Notre Dame is coming off of a tough 70-58 victory at Oregon State.

“We had trouble containing the ball and we just couldn’t make shots,” McGraw said. “We missed a lot of lay-ups. We missed free throws. We missed open shots that we normally make. We shoot the ball pretty well, as a rule (51.2 percent, which leads the nation). That was a game where we didn’t shoot it as well (29-of-70 for 41 percent). We had to rely on our defense.”

Notre Dame faced its largest deficit of the season against Oregon State, down 33-25 with 55 seconds left in the first half.

McGraw hopes that Notre Dame’s passing will get the Irish offense back on track on the eve of the ACC sched-ule.

“I think the assist-to-turnover ratio is the most important stat,” McGraw said. “That’s the first stat I look at when I start studying the opponent. You learn a lot about a team when you see how they pass.”

Notre Dame is No. 4 in the nation in assist-to-turnover at 1.51, while South Dakota State is No. 239 at .70.

“There is an art to passing,” McGraw said. “There’s a touch to the ball. There’s a certain trajectory you need. Some you need a softness with a bounce pass. Some passes have to be crisp. There are all kinds of passes. A lot of the drills we do work on passing with pressure. We work on that quite a bit.

“Some players come here as really good passers. (Michaela Mabrey) is a really good passer. (Lindsay Allen) happens to be a really good passer. The other guys work really hard at it. Our posts are good passers. We try to re-cruit posts who are good passers. It’s so critical in our offense.”

Notre Dame senior guard Kayla McBride said that the Irish work hard at honing their passing.

“I think good passing comes with team chemistry,” McBride said. “The more solidified the team chemistry is, the better passing you’re going to have. If I know what Jewell wants, that in a transition she wants a lob, that (Michaela Mabrey) is going to spot up from the 3-point line, that (Madison Cable) is going to spot up from the 3-point line, that (Natalie Achonwa) is going to run down the middle, (Ariel Braker) is going to run down the middle, (Lindsay Al-len) is going to push it up. She’s going to look to attack.

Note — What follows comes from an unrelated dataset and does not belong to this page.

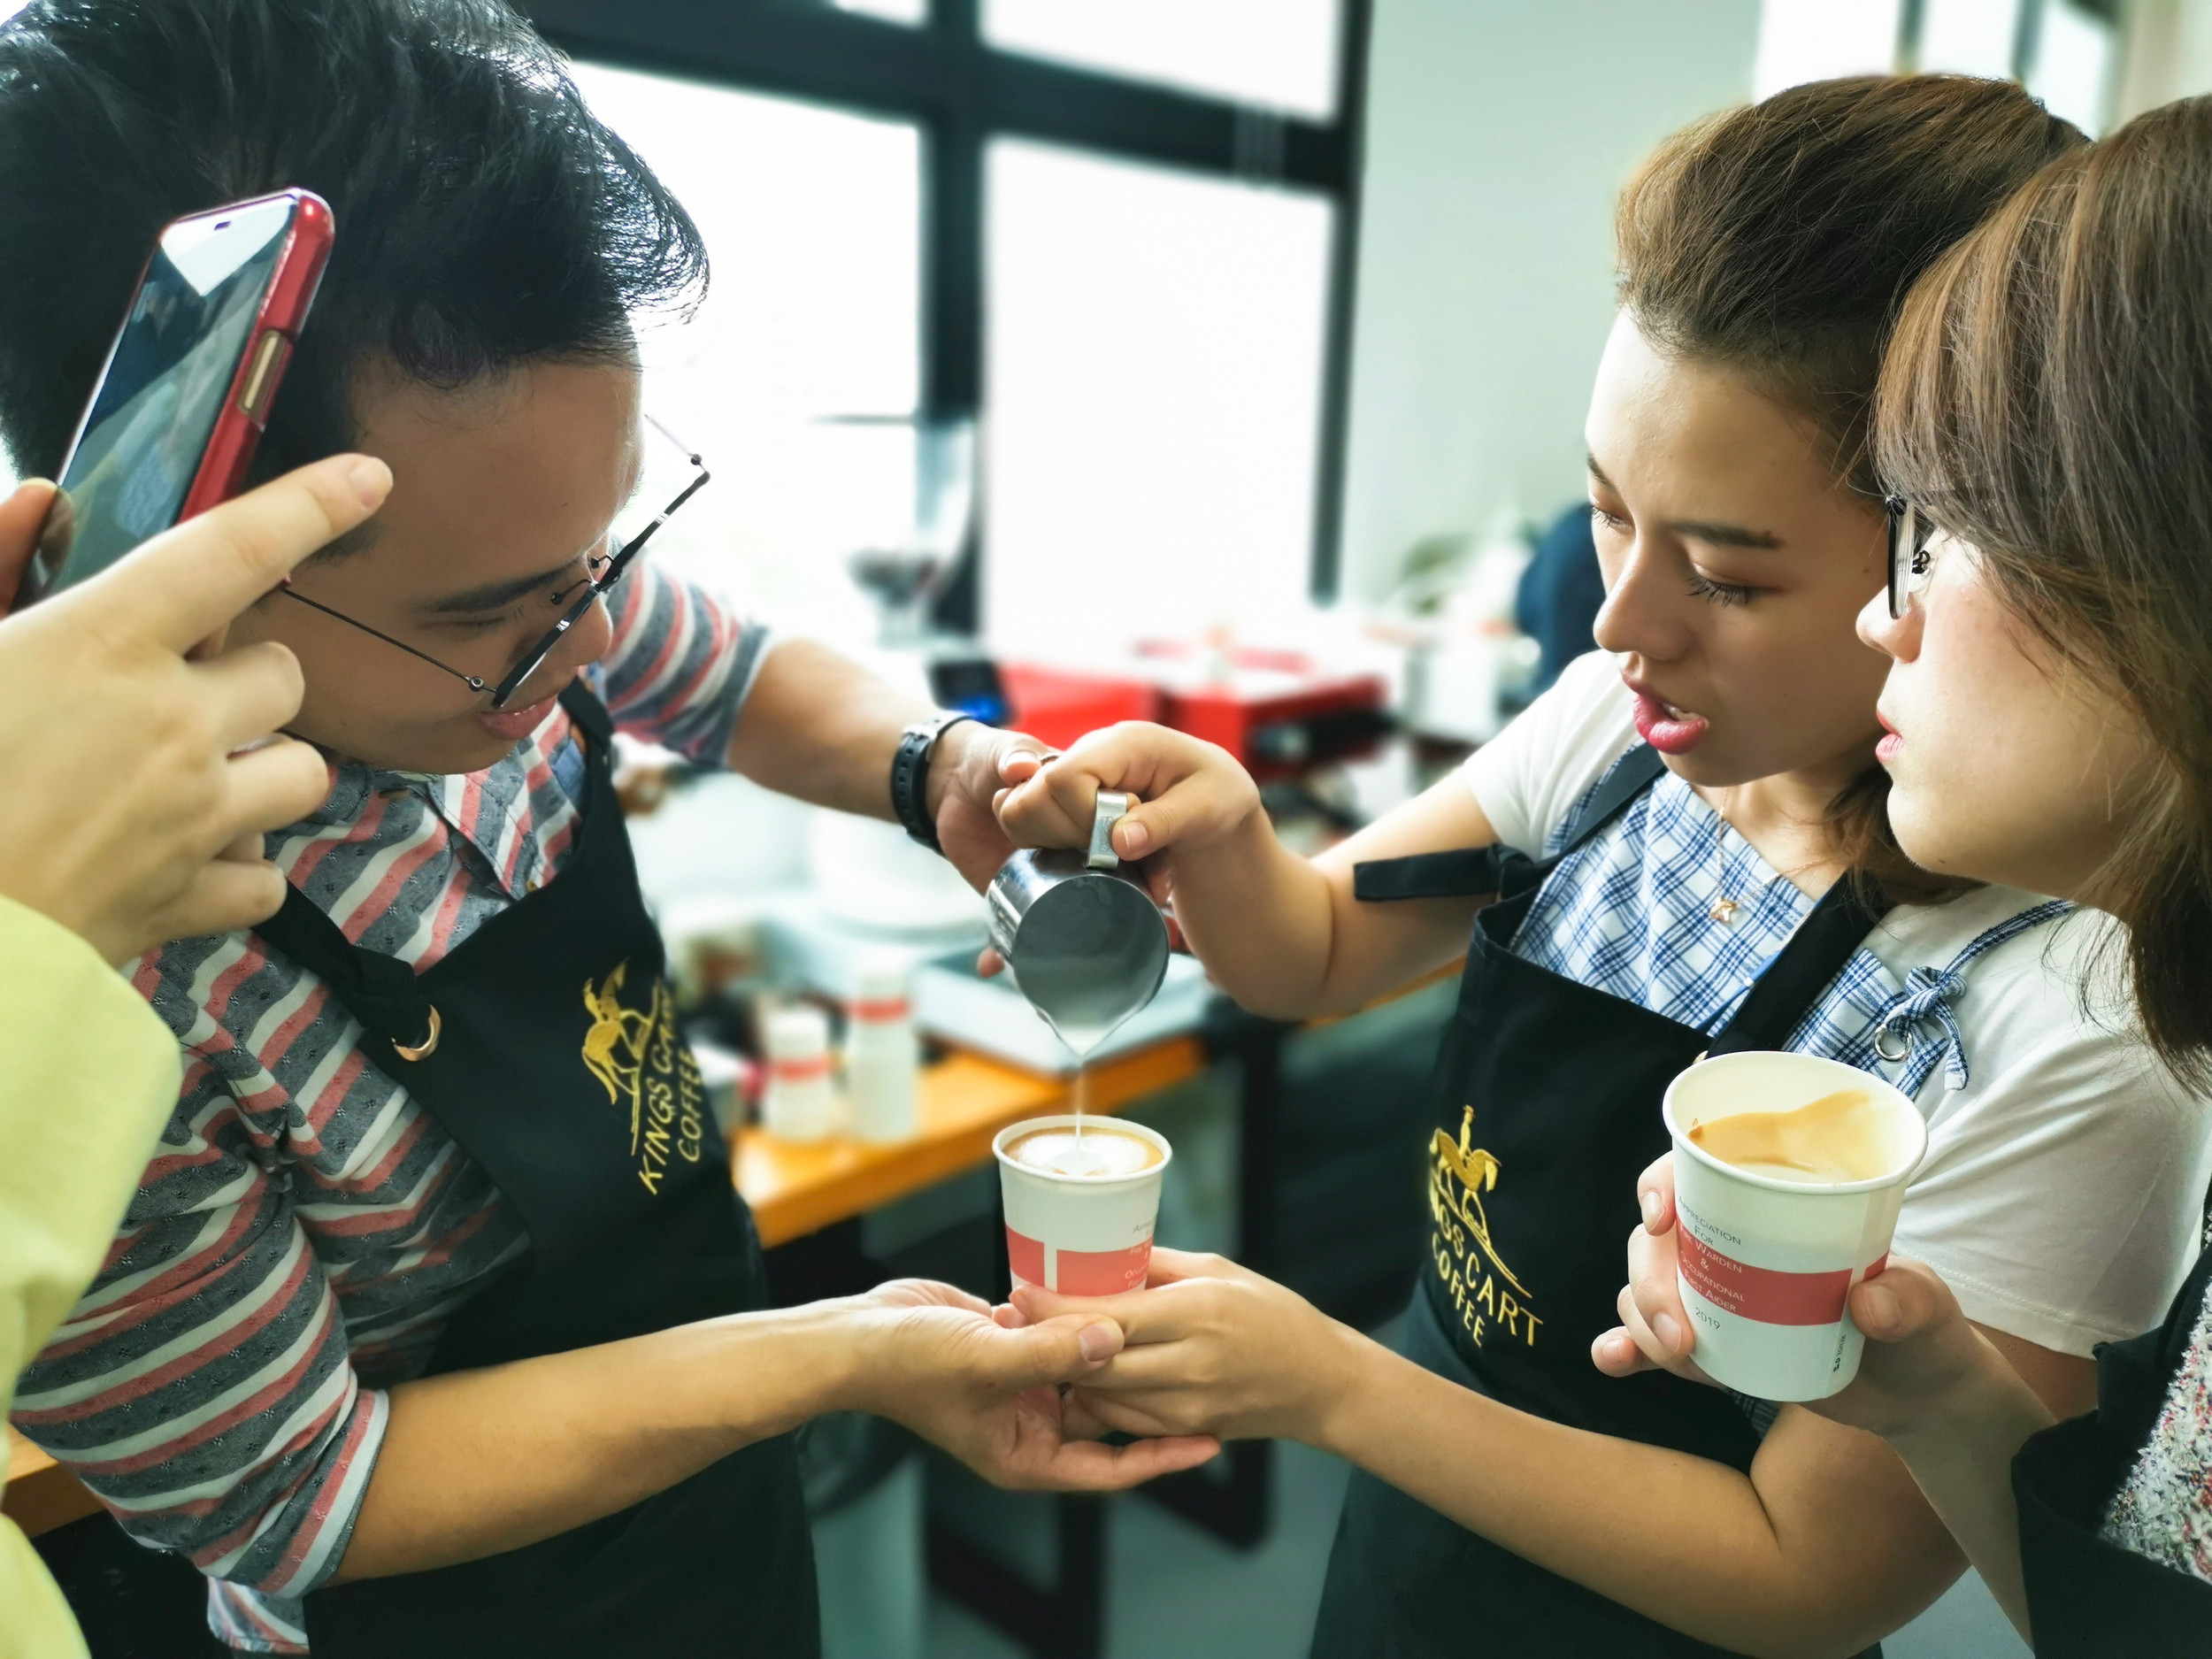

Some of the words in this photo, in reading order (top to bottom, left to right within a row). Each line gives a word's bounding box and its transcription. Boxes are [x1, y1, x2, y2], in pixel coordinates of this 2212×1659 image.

“You have to learn who you’re playing with. We’ve done a really good job of learning about each other. That comes from scrimmaging, which we do a lot of, and it comes from practice, too.”

McGraw said that all of Notre Dame’s players come in as prolific scorers, but that they have a willingness to share the ball.

“Being unselfish is somebody who can make the pass that leads to the assist on the next pass,” McGraw said. “That’s something that takes real unselfishness, because you don’t get any credit for that. In transition, throwing that pass ahead, so now the person who gets it is going to get the assist.

“The willingness to do that is really the key to our team making good passes. The quickest way to get the ball up the floor is passing it. I love when we get the rebound, take a couple of dribbles, and throw it ahead.”

Notre Dame’s passing statistics are impressive considering that the Irish graduated a consensus All-American point guard in Skylar Diggins.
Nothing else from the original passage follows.